Deixo minhas antigas camadas e camadas de roupas juntinhas em um canto, como se fossem peles velhas, e entro com o meu corpo pequeno, pálido e frágil naquela imensidão de água e porcelana. A mudança repentina de temperatura me dá vontade de me contorcer, mas mantenho-me firme e suporto em silêncio. Minha pele começa a formigar com o calor, e me acostumo a isso.

Minha mente começa a viajar pelos meus pensamentos e lembranças. Lembro novamente de meus pais, aquele dia horrível. Não me recordo de tudo, nem de detalhes, nem de como começou o dia. Mas sei que eu estava brincando de boneca com Melina, na sala, no andar de baixo, e meus pais estavam fazendo pesquisas no andar de cima. Eles viviam fazendo pesquisas, lembro-me agora de plantas e vidros cheios de elementos químicos, mas não me deixavam saber sobre o que pesquisavam. Sempre diziam “É muito complexo para a sua idade, Kiria, quando você crescer vai entender”, ou então “É secreto, contamos para você quando chegar a hora”. Era sempre para eu esperar, esperar e esperar, e nunca me respondiam. E naquele dia estavam pesquisando. Então, assim como hoje de noite – ontem, sei lá – as luzes se apagaram de repente.

Melina virou-se para mim, de olhos bem abertos. Ela parecia saber o que estava acontecendo, assim como sabia de alguma coisa dessa vez. Ela parecia saber, e nunca perguntei. Não sei por que nunca perguntei. Melina disse “Esconda-se debaixo daquela mesa. Depressa! Esconda-se, e fique em silêncio”.
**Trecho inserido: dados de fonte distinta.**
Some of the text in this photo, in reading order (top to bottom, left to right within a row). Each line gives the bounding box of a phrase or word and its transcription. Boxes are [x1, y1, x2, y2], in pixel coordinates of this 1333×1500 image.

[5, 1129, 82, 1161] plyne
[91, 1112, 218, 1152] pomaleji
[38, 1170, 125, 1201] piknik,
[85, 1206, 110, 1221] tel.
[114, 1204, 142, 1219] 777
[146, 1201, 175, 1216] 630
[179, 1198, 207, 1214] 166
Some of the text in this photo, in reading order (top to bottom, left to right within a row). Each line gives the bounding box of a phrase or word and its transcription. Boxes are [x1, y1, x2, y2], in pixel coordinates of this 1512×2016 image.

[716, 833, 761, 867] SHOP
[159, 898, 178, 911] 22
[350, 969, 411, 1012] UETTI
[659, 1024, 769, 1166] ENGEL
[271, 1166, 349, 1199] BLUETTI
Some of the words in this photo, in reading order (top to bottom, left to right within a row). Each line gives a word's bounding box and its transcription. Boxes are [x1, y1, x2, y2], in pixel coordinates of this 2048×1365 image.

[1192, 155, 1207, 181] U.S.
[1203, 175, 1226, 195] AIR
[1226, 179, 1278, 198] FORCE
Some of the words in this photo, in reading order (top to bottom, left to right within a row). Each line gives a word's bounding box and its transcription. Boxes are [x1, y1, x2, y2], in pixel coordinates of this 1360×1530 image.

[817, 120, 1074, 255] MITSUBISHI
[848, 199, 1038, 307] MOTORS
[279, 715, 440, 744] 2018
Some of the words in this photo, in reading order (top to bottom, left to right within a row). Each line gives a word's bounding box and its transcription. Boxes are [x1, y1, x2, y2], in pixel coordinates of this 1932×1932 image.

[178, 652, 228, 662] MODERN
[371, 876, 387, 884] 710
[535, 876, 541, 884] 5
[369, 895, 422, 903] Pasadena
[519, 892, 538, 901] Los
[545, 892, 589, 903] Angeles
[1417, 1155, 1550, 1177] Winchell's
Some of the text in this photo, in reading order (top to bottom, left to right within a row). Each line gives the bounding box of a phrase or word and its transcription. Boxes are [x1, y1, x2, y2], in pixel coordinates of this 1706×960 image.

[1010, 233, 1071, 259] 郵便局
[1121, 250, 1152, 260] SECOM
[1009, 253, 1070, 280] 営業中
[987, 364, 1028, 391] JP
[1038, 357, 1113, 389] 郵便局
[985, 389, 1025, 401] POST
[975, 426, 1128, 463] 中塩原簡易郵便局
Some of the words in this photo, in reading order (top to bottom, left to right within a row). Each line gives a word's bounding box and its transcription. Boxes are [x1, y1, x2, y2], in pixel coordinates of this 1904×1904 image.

Tento me livrar desse pensamento, não quero reviver isso. Coloco a cabeça debaixo da água, e olho para o teto, com a visão turva. Penso que vai funcionar. Não funciona.

Na sala havia muitas mesas, mas eu sabia qual que ela se referia. E, mesmo se eu errasse, ela estava lá, indicando o caminho, se escondendo comigo. O espaço era pequeno, debaixo da mesa. Mas cobria a maior parte do nosso corpo e, encostadas na parede, encolhemos nossos pés.

Ouvi meus pais gritando palavras que até hoje nunca consegui decifrar, e dor. Eu ouvi a dor, eu senti a dor pelo ar. E silêncio. E então passos. Passos descendo a escada, até a sala. Melina me cutucou, e eu olhei para ela. Ela levantou um dedo aos lábios, pedindo que eu fizesse silêncio. Percebi que estava com a respiração acelerada, barulhenta, e tentei ficar quieta. E o som dos passos foi aumentando enquanto alguém descia a escada. Duas pessoas, eu soube na hora.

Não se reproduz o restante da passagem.